Well, the average full scholarship comes in at $28,000 a year – but that’s still about $3,400 short of the full cost of attendance at the average Football Bowl Series institution. And as Franklin notes, even if he were allowed to hold down a second job, he wouldn’t have time: he’s got class from 10 a.m. to 1 p.m., team meetings from 2 to 3:15, practice for another two hours after that, followed by tutoring from 7 to 9, then it’s time to do homework.

One athlete says he knows making that interception on Saturday is more important than getting As or Bs in classes. After all, he says, how can administrators and coaches expect him to show up to class alert right after he’s been run till he pukes at morning practice?

“If you don’t like the deal, then go do something else,” Harvey Perlman, chancellor of the University of Nebraska at Lincoln and one of the more outspoken college presidents when it comes to sports, says in the film.

Nearly 50 other Division I institutions declined interview requests for "Schooled." Former UNC Chancellor Holden Thorp, who resigned in the wake of the academic scandal and is now provost at Washington University in St. Louis, only stated that new policies and procedures will ensure nothing like that ever happens again on the campus.

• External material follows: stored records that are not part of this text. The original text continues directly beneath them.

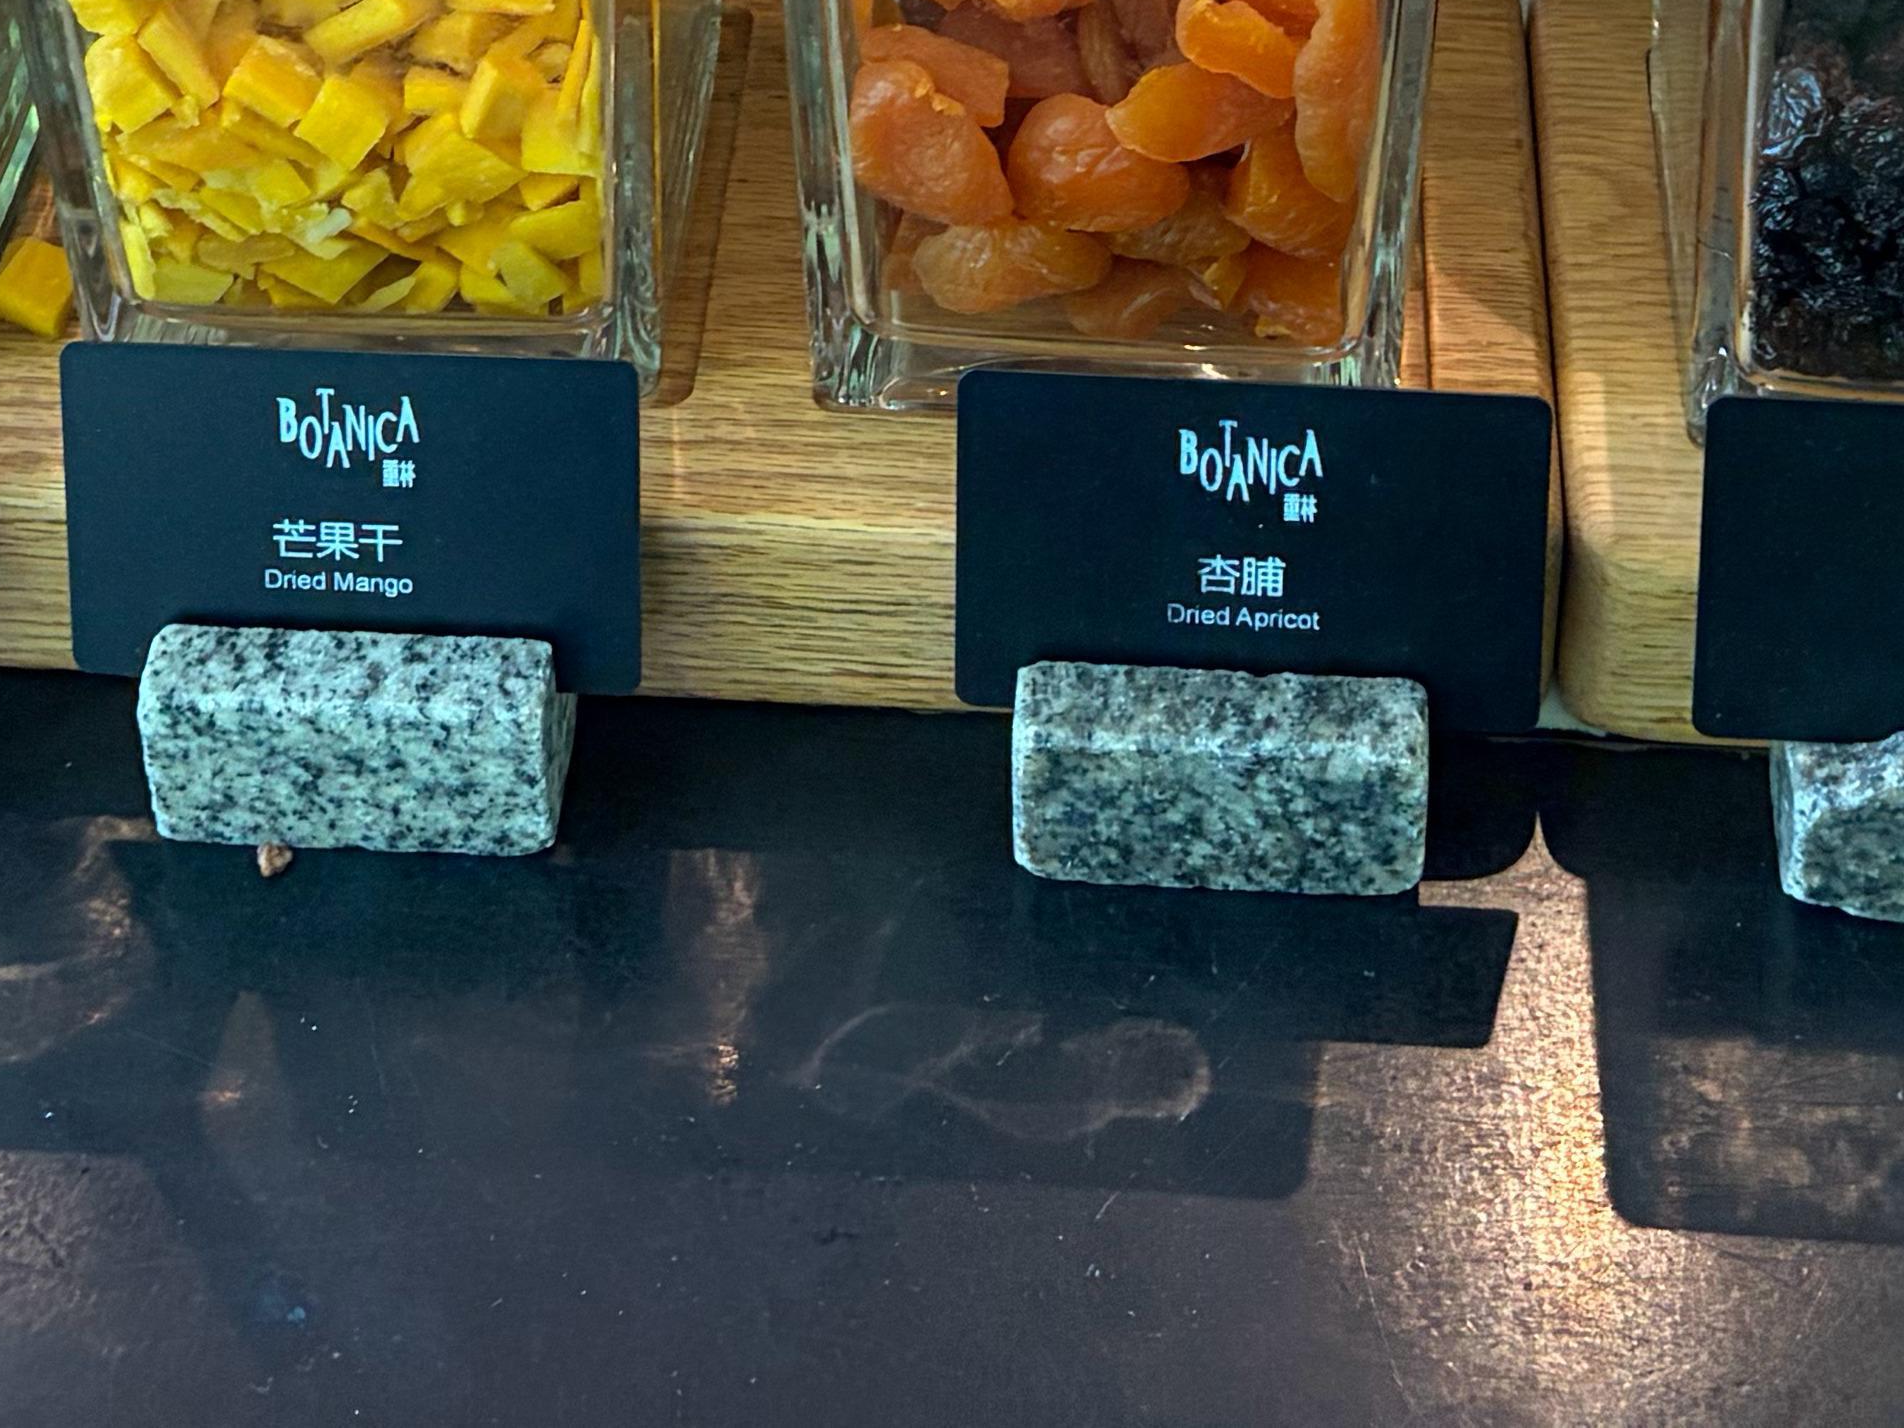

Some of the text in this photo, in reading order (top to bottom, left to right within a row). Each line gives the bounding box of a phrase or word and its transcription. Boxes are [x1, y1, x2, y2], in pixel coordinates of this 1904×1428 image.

[276, 388, 420, 469] BOTANICA
[1178, 419, 1323, 502] BOTANICA
[273, 519, 403, 562] 芒果干
[264, 569, 413, 597] Dried Mango
[1197, 554, 1286, 597] 杏脯
[1167, 603, 1320, 632] Dried Apricot

In a panel discussion after the film, Willingham, the UNC learning specialist, half-joked that she was still employed but “it’s day to day.” While she’s moved out of the athletic department, the (arguably positive) repercussions of her decision to leak the no-show classes story to the News & Observer of Raleigh are still being felt on the campus.

The NCAA declined to investigate UNC because athletes were not the sole beneficiaries of the classes. And a university investigation placed the blame not on faculty or athletics officials but on the head of the African and Afro-American studies department. (However, it was later revealed that Julius Nyang’oro set up the classes at the behest of athletic academic support staff and was offered gifts such as football tickets.)

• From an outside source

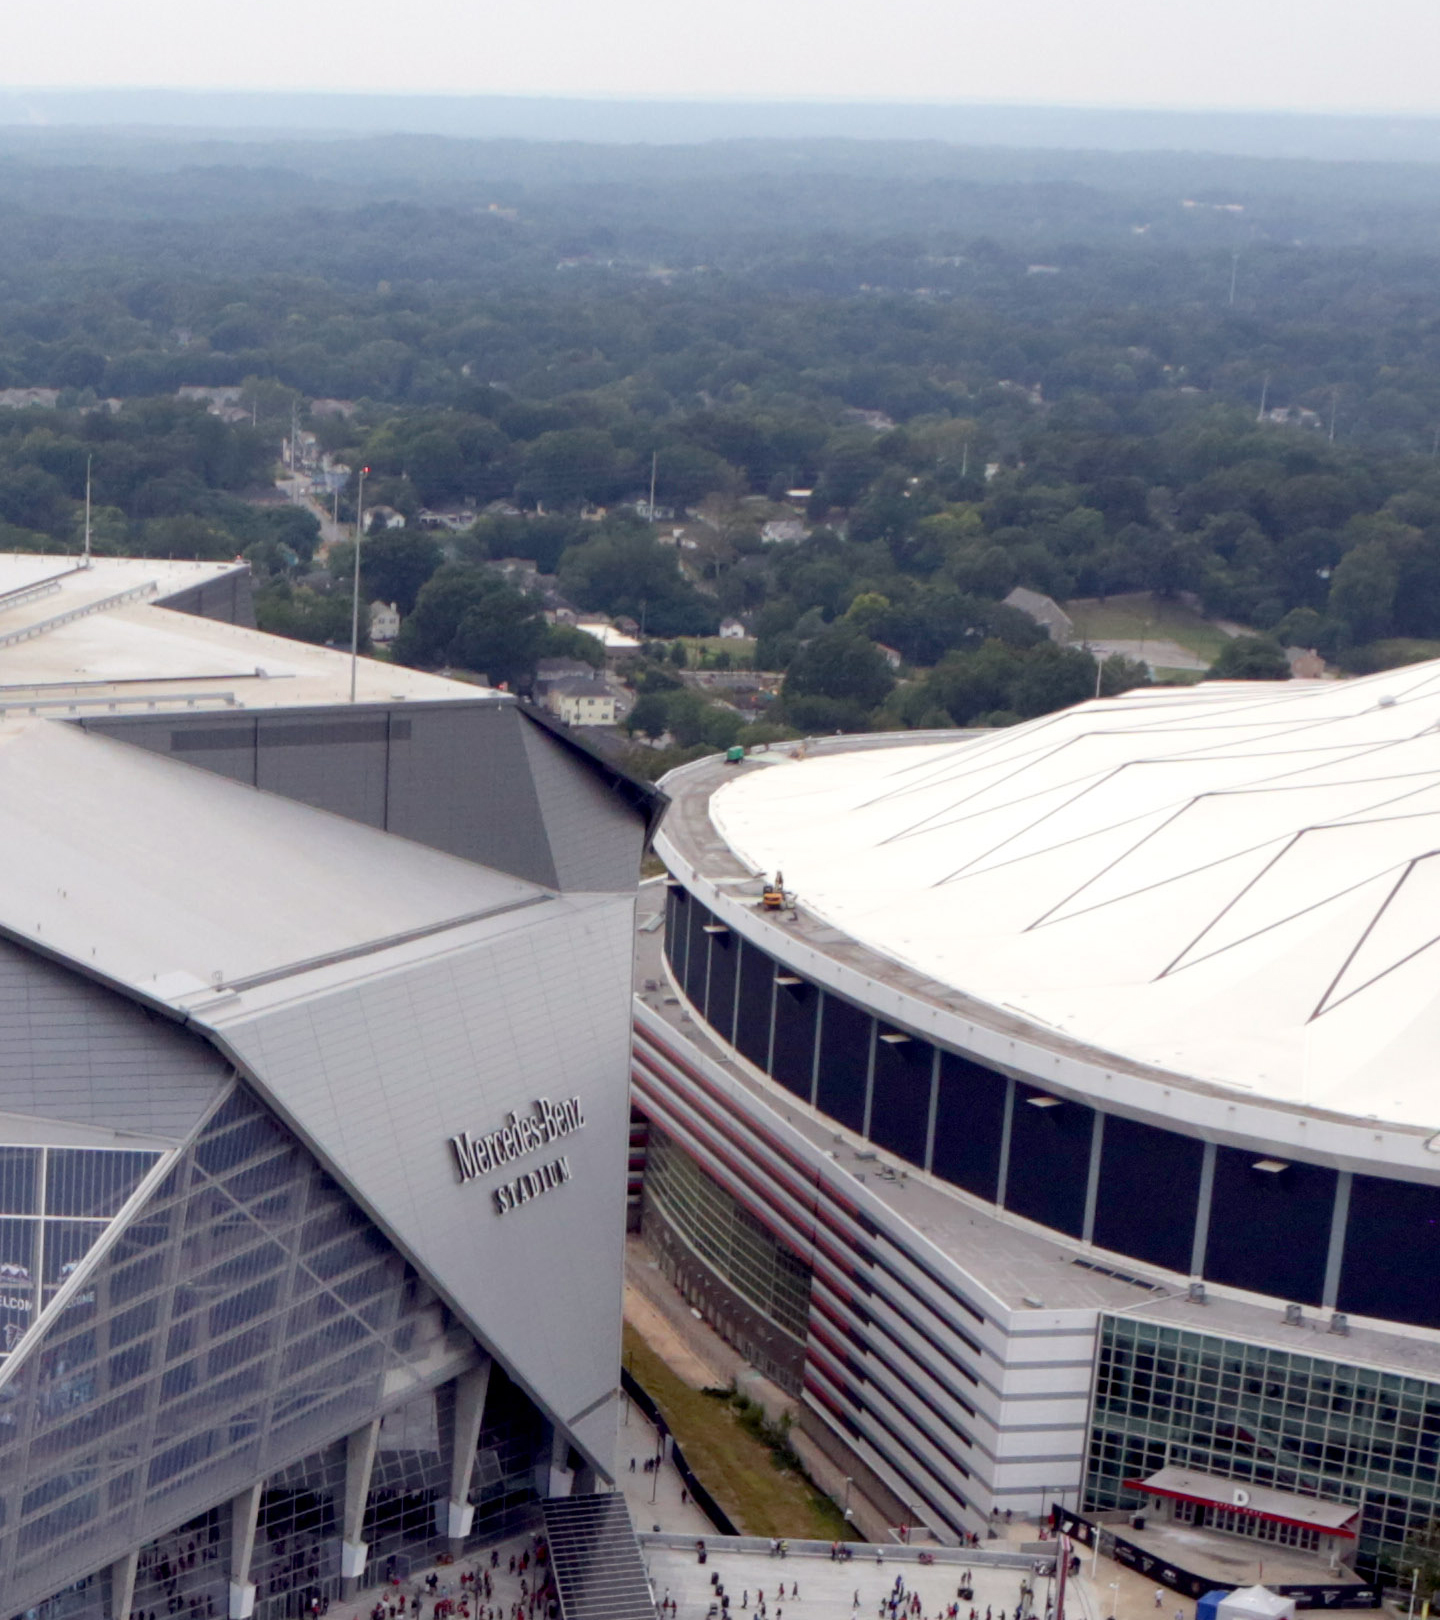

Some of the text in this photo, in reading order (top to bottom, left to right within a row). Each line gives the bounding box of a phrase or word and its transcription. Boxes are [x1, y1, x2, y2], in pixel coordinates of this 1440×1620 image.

[451, 1094, 586, 1184] Mercedes-Benz
[494, 1156, 572, 1216] STADIUM
[1232, 1488, 1250, 1507] D

“If the NCAA doesn’t want to look at this,” News & Observer reporter Dan Kane says, “you could argue they just sent a message to everyone across the country.”

The film covers a lot in 90 minutes, and the conflicts it explores will be familiar to anyone who works on a college campus (at least, a Division I campus). It also touches on the physical dangers of football and explores the NCAA's use of amateurism and the term "student-athlete," which in court has allowed it to withhold workers' compensation and medical payments for injuries.

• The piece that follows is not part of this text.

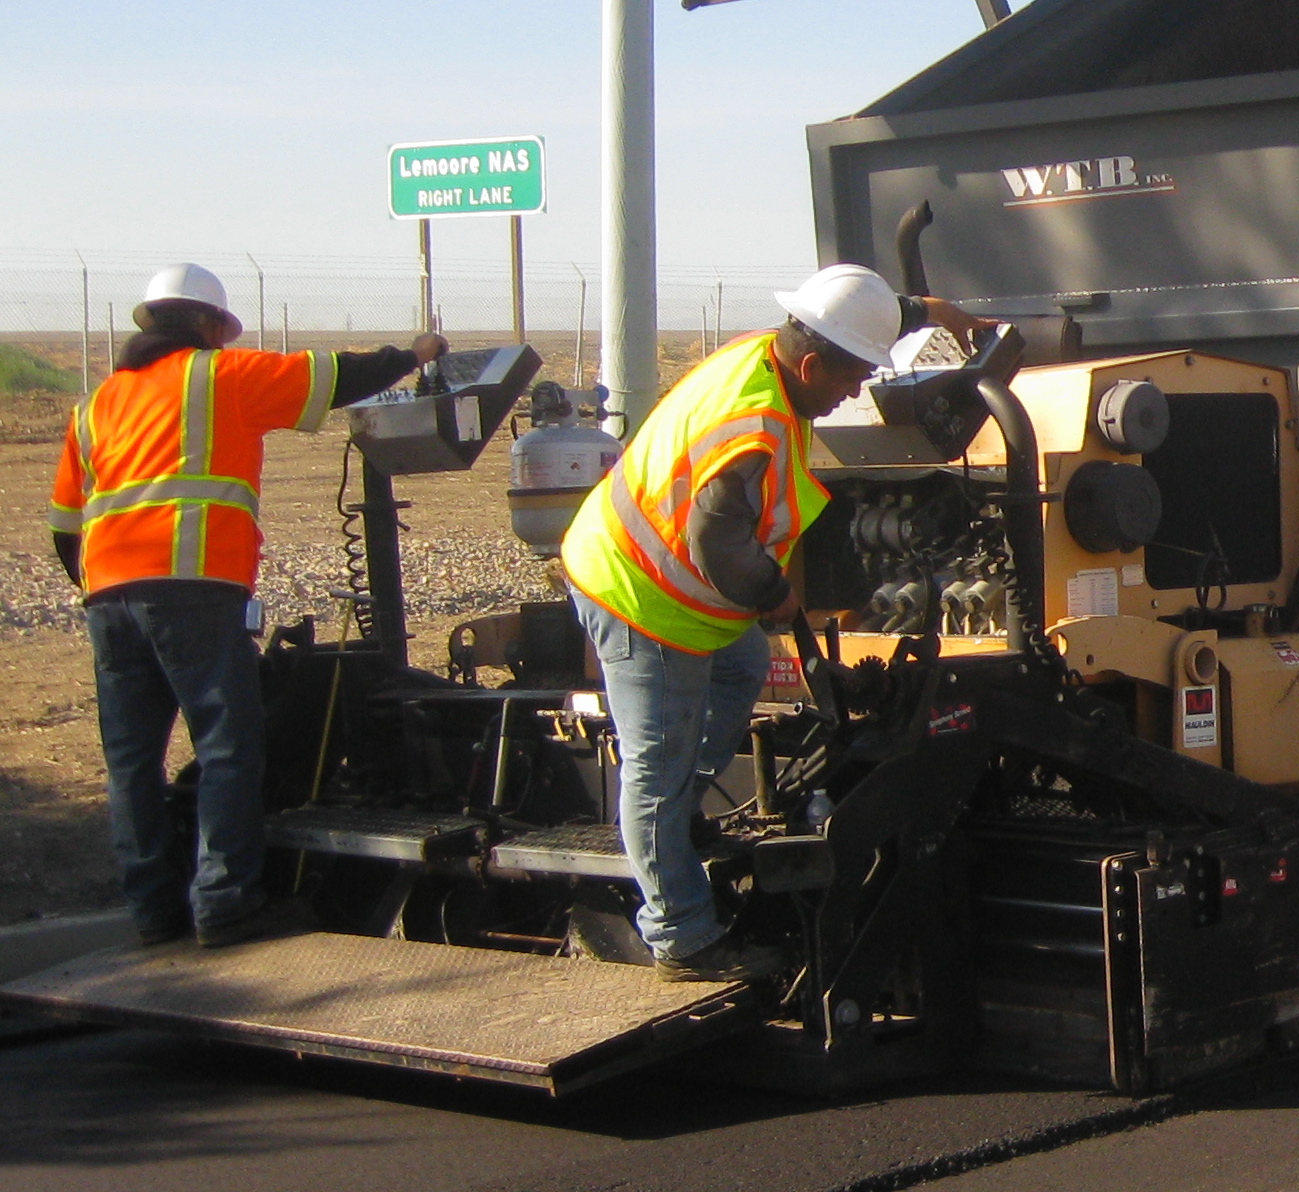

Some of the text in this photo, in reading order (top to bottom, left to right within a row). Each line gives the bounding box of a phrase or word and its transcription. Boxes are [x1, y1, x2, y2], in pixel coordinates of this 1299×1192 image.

[400, 148, 530, 178] Lemoore NAS
[418, 186, 513, 208] RIGHT LANE

But one person in the audience – George Mason University men’s basketball coach Paul Hewitt – argued after the screening that there’s “more sides to the story.”

“Shows like this lead to a reduction in opportunities,” Hewitt said, pointing to all the scholarships provided both in football and basketball and in the non-revenue sports they support. “This show should be about the American education system, not the athletic system.”

Hewitt observed an oft-cited point by the NCAA: that athletes graduate at higher rates than non-athletes.

“We don’t want to graduate them,” panelist and Sacred Heart University athletic director Bobby Valentine countered, “we want to educate them.”

"Schooled: The Price of College Sports" premieres Wednesday at 8 p.m. on the Epix Channel and will also be available online with a free two-week trial.